> WHAT TO WORK ON:
The answer must be the lines from the one containing "this 1125×1500 image." through the last line of the data below, copied exactly, with nothing else.

Collection entries
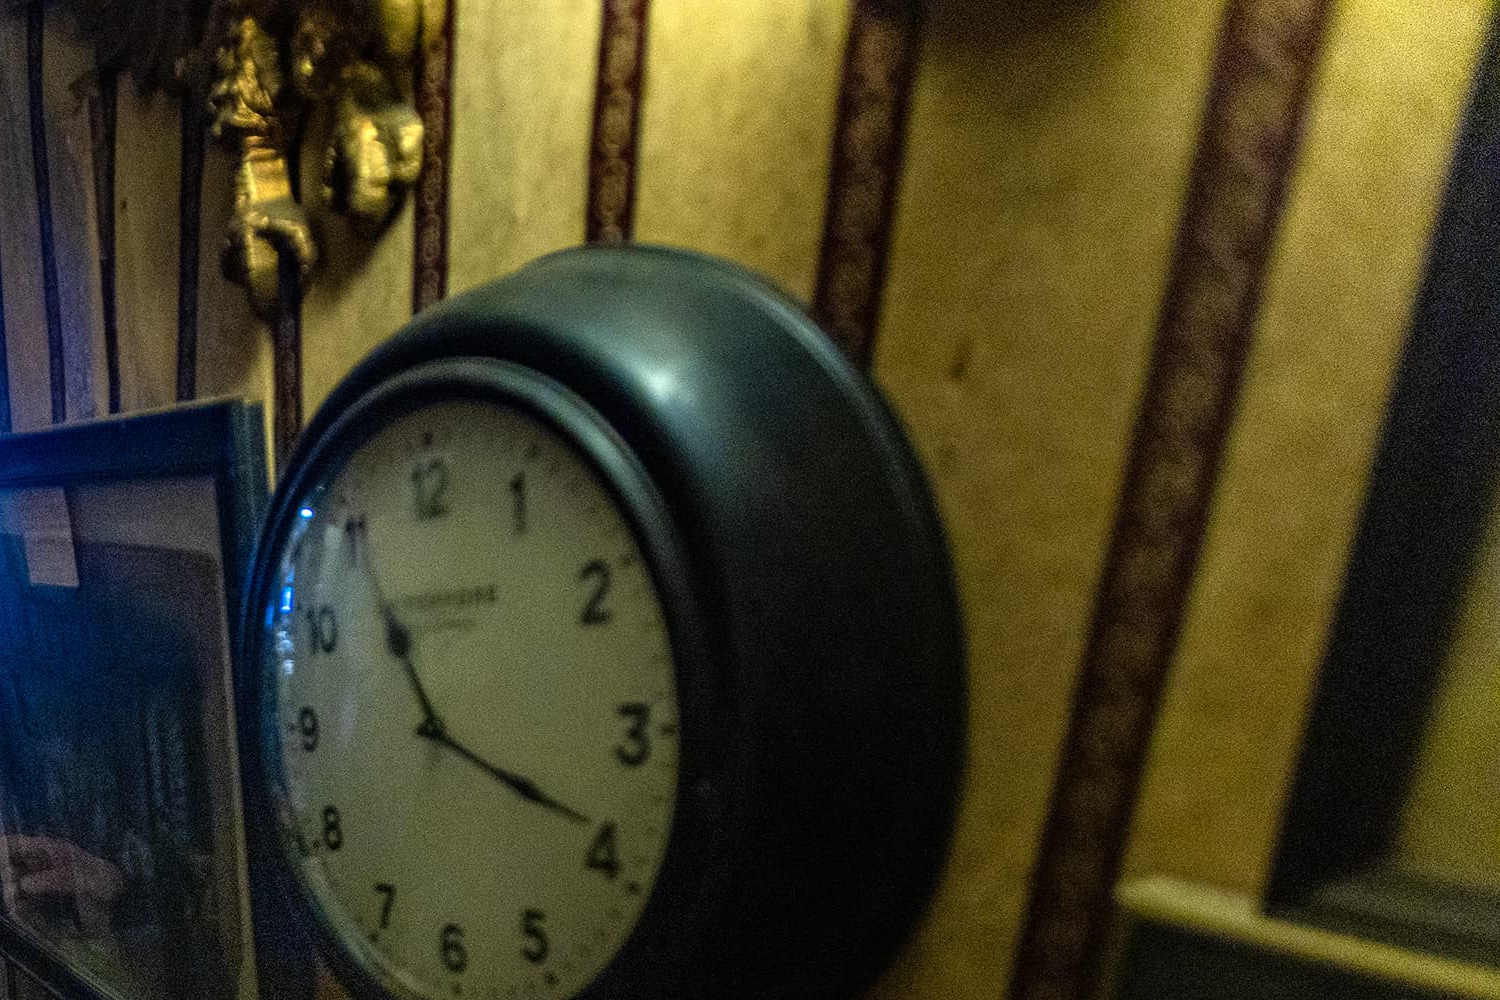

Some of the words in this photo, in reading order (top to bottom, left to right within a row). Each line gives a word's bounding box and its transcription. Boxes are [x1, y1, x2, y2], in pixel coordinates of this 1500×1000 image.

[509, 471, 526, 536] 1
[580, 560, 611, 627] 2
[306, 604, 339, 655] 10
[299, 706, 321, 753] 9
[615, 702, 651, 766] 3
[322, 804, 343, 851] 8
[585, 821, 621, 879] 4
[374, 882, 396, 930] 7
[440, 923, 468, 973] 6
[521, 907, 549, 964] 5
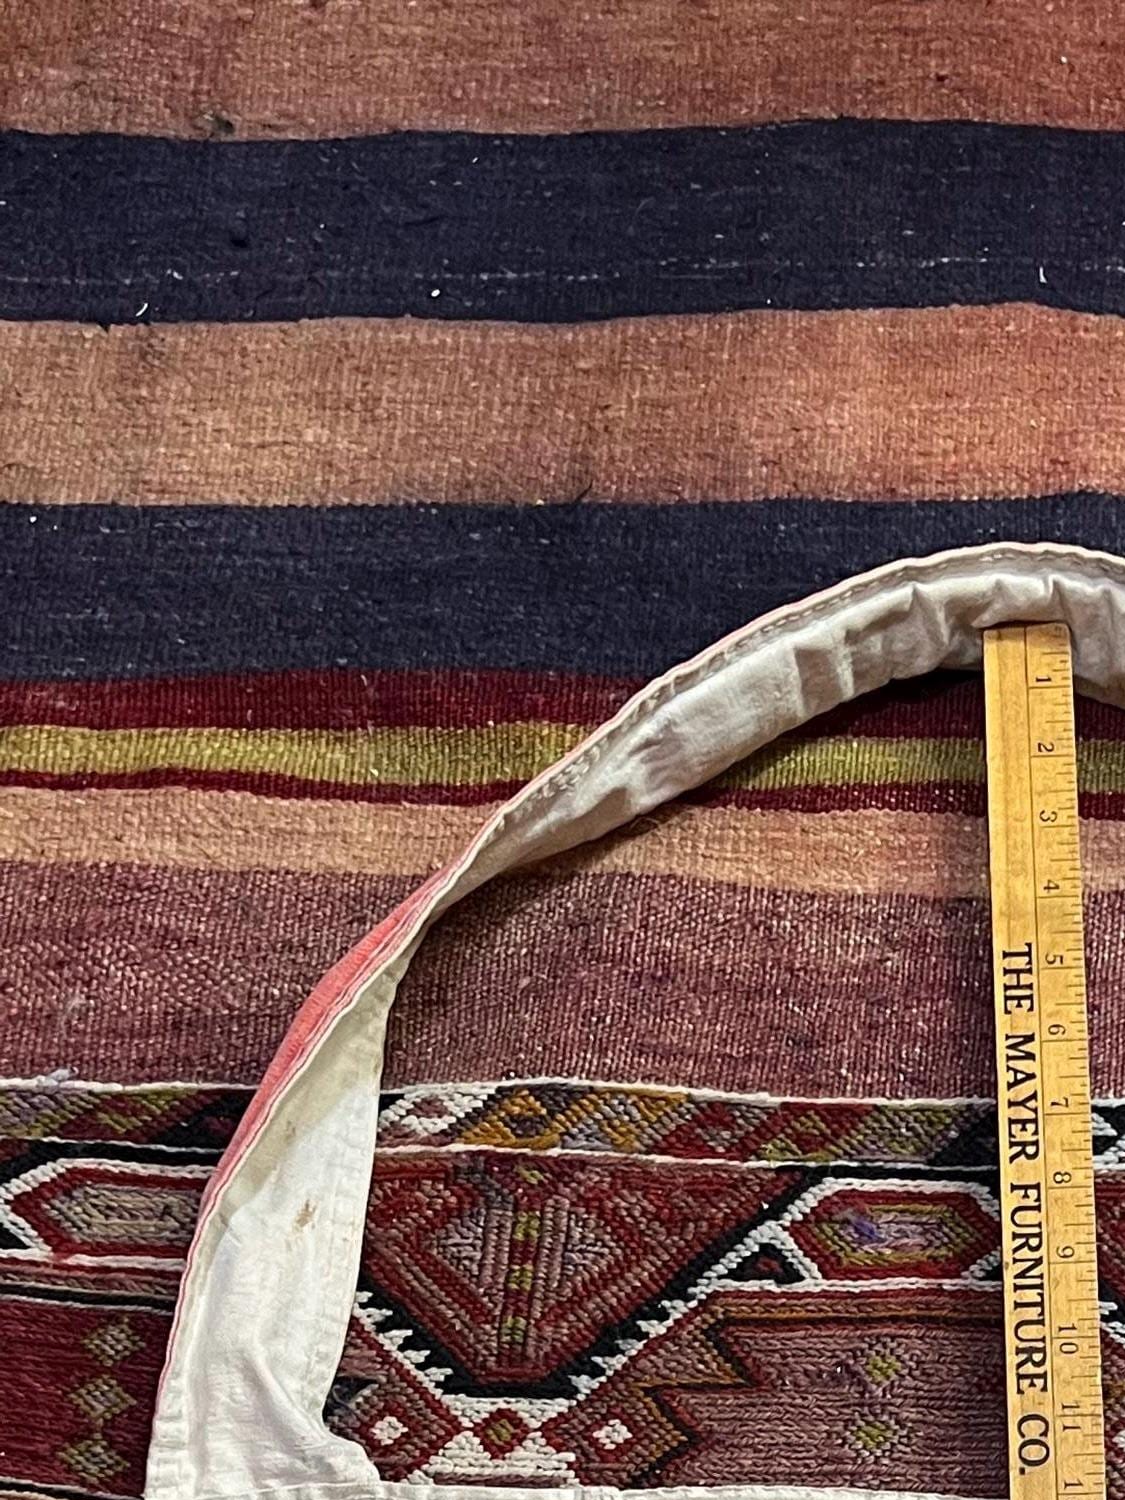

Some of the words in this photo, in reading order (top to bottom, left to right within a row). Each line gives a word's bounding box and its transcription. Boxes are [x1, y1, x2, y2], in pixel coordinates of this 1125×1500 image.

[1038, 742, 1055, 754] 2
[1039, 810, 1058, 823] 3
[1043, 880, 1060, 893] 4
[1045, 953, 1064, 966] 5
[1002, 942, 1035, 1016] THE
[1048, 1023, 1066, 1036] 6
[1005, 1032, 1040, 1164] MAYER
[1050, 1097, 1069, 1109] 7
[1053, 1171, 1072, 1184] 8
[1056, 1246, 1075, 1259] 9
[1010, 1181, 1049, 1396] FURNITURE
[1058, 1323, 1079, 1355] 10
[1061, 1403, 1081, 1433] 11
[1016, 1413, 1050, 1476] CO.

> TASK OUTPUT:
Some of the words in this photo, in reading order (top to bottom, left to right within a row). Each line gives a word's bounding box and its transcription. Boxes are [x1, y1, x2, y2], in pixel coordinates of this 1125×1500 image.

[1038, 742, 1055, 754] 2
[1039, 810, 1058, 823] 3
[1043, 880, 1060, 893] 4
[1045, 953, 1064, 966] 5
[1002, 942, 1035, 1016] THE
[1048, 1023, 1066, 1036] 6
[1005, 1032, 1040, 1164] MAYER
[1050, 1097, 1069, 1109] 7
[1053, 1171, 1072, 1184] 8
[1056, 1246, 1075, 1259] 9
[1010, 1181, 1049, 1396] FURNITURE
[1058, 1323, 1079, 1355] 10
[1061, 1403, 1081, 1433] 11
[1016, 1413, 1050, 1476] CO.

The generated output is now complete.